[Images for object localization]
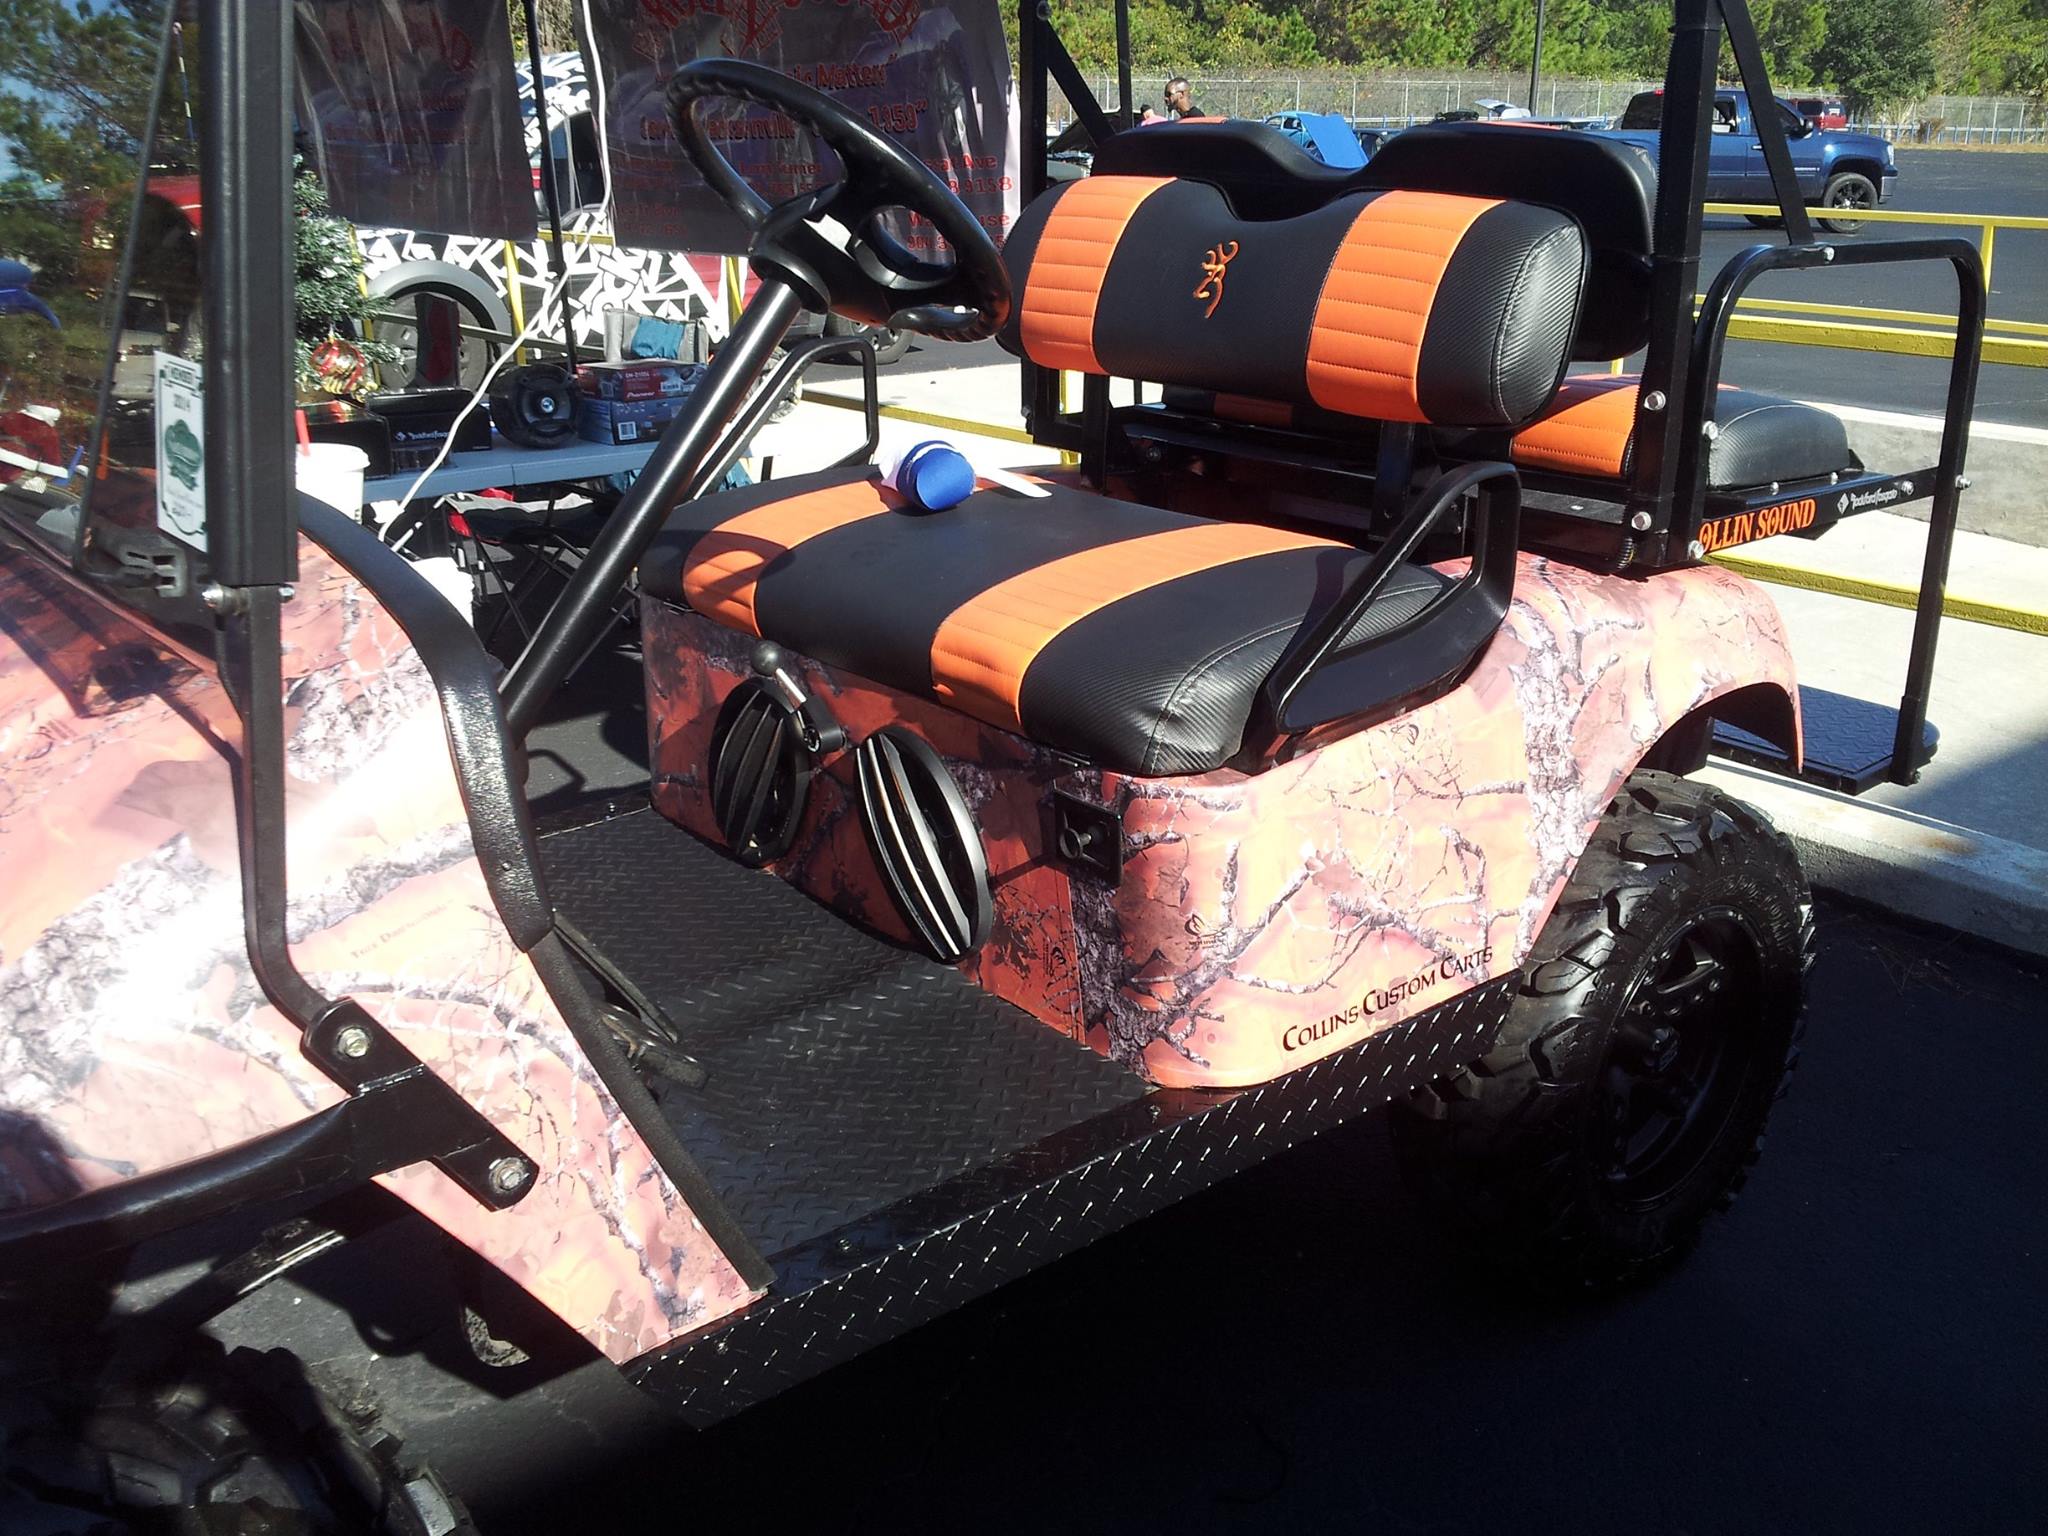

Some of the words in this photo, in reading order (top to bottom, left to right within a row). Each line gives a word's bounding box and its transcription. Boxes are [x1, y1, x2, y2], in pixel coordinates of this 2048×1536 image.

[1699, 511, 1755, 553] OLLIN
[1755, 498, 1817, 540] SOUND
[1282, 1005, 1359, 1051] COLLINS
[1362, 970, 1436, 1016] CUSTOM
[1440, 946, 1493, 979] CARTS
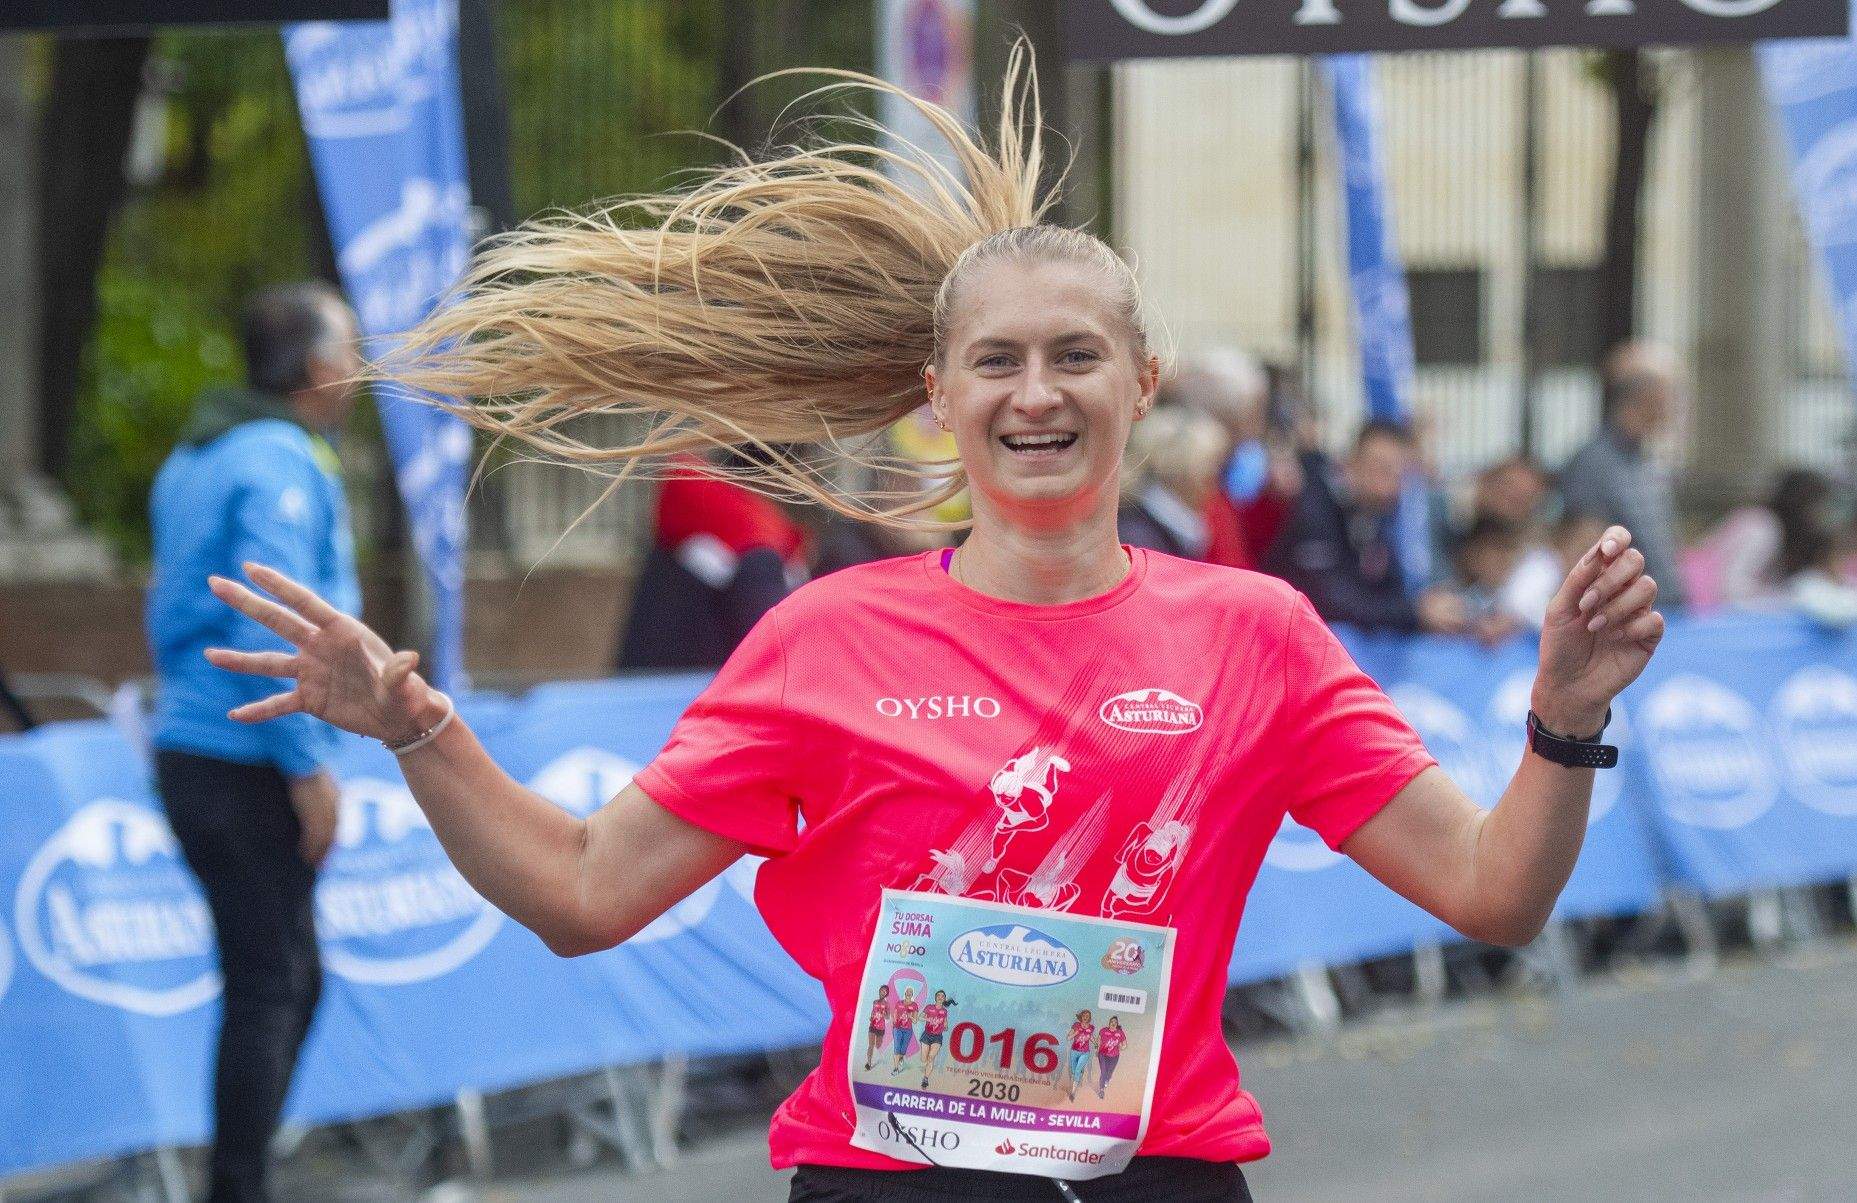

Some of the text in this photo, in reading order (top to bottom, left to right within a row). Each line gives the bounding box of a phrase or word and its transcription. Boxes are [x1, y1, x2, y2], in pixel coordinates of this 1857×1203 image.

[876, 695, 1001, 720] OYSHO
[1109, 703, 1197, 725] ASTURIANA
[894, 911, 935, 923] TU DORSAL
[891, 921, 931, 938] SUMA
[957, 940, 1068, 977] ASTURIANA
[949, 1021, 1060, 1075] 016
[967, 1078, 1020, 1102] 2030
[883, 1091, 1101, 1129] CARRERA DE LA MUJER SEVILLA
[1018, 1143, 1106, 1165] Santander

• _TASK TO COMPLETE_
Without the pictures, give every line above again exactly.

• _ANSWER BOX_
Some of the words in this photo, in reading order (top to bottom, left to right within a row). Each line gives a word's bounding box and its transcription. Boxes are [x1, y1, x2, y2], in pixel coordinates of this 2048×1536 image.

[1699, 511, 1755, 553] OLLIN
[1755, 498, 1817, 540] SOUND
[1282, 1005, 1359, 1051] COLLINS
[1362, 970, 1436, 1016] CUSTOM
[1440, 946, 1493, 979] CARTS

Some of the text in this photo, in reading order (top to bottom, left to right within a row). Each line gives the bounding box of a phrase or word and its transcription. Boxes are [x1, y1, x2, y2], in pixel coordinates of this 1857×1203 image.

[876, 695, 1001, 720] OYSHO
[1109, 703, 1197, 725] ASTURIANA
[894, 911, 935, 923] TU DORSAL
[891, 921, 931, 938] SUMA
[957, 940, 1068, 977] ASTURIANA
[949, 1021, 1060, 1075] 016
[967, 1078, 1020, 1102] 2030
[883, 1091, 1101, 1129] CARRERA DE LA MUJER SEVILLA
[1018, 1143, 1106, 1165] Santander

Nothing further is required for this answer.